1. Cape May, NJ – This small town at the southern tip of the state is recognized for its numerous examples of eighteenth century architecture.
2. Atlantic City, NJ – Famous as the basis for the streets of the popular board game, Monopoly, Atlantic City has long been a beach resort. Its boardwalk was typical of the early American vacation spot. Today, it is more famous as a gambling venue with numerous casinos lining the oceanfront.
3. Hoboken, NJ – Stroll the town’s Riverwalk and enjoy the many entertainment and art venues in this town along the Hudson River, in northern New Jersey.
4. Ocean Grove, NJ – Similar to Cape May (see above), the town of Ocean Grove has preserved its 19th century appearance in combination with its long, sandy beach, and is still popular with tourists.
5. Princeton, NJ – Most famous for its outstanding Ivy League university, the town is also pleasant to visit and explore.
6. Easton, PA – This eastern-Pennsylvania town was extremely important during the Revolutionary War and maintains several locations associated with that time in American History. More recently, it became the home of the Crayola Crayon Factory and attracts visitors interested in the crayon-making process.
7. Gettysburg, PA – One of the (perhaps the most) pivotal battles of the Civil War took place in 1863 throughout this quiet, farming community in southern Pennsylvania. The Gettysburg National Military Park attracts visitors from all over the world. The community itself, however, is also delightful to explore and provides a wonderful base of operations for the battlefield experience.
8. Hershey, PA – Home of the Hershey Chocolate Factory, this adorable town with numerous chocolate-themed accents, is still popular because of all the chocolate-lovers around.

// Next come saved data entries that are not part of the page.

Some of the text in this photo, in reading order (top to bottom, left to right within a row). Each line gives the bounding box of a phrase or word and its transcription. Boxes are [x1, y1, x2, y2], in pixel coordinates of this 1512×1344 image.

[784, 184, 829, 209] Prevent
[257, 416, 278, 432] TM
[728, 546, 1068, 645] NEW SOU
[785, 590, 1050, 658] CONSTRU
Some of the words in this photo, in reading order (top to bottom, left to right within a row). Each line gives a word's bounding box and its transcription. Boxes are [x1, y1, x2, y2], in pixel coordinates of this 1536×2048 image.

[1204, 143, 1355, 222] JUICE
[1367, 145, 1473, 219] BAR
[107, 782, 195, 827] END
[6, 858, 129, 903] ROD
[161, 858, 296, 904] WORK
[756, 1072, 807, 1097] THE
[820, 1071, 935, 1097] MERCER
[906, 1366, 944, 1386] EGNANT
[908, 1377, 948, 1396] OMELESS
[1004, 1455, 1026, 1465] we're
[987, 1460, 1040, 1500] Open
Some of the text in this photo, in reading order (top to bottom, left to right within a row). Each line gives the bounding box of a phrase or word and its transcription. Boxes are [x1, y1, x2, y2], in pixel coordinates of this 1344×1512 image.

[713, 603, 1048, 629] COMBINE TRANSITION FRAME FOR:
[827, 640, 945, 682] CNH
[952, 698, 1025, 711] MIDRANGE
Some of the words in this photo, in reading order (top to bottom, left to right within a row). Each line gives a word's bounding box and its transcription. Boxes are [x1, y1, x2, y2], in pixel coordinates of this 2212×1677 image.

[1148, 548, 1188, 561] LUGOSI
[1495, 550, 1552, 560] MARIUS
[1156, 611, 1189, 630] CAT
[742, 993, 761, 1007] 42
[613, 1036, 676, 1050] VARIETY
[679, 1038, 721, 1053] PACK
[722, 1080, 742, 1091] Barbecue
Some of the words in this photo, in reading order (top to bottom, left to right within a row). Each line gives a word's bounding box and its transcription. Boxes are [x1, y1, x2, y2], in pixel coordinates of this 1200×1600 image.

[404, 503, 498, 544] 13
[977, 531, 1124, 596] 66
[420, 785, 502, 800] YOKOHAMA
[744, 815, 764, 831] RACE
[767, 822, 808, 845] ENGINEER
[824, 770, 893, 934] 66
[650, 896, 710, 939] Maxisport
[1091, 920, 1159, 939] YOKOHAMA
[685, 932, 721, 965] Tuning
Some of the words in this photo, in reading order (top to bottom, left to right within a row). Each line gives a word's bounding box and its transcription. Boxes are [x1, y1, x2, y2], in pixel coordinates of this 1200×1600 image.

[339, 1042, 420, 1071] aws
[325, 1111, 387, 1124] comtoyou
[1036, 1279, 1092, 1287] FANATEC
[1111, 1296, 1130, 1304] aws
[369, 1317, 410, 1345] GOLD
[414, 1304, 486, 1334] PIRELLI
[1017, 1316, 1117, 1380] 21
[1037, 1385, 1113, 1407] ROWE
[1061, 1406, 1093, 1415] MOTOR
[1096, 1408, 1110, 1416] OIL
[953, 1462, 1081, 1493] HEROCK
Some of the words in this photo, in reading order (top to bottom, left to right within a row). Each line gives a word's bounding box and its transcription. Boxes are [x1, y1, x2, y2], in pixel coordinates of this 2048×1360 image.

Another draw to the area is Hershey Park, a theme park.
9. Lancaster, PA – The "capital" of the Pennsylvania Dutch Country, Lancaster offers accomodations and sustenance for the hordes of visitors to this area, interested in observing the simple way of life of the Amish and Mennonite people who settled and are still prominent in this area.
10. York, PA – This colonial era town, in the south-central part of the state, has managed to preserve its early American appearance and is a great place to stroll and explore the town’s significant role in the history of the US.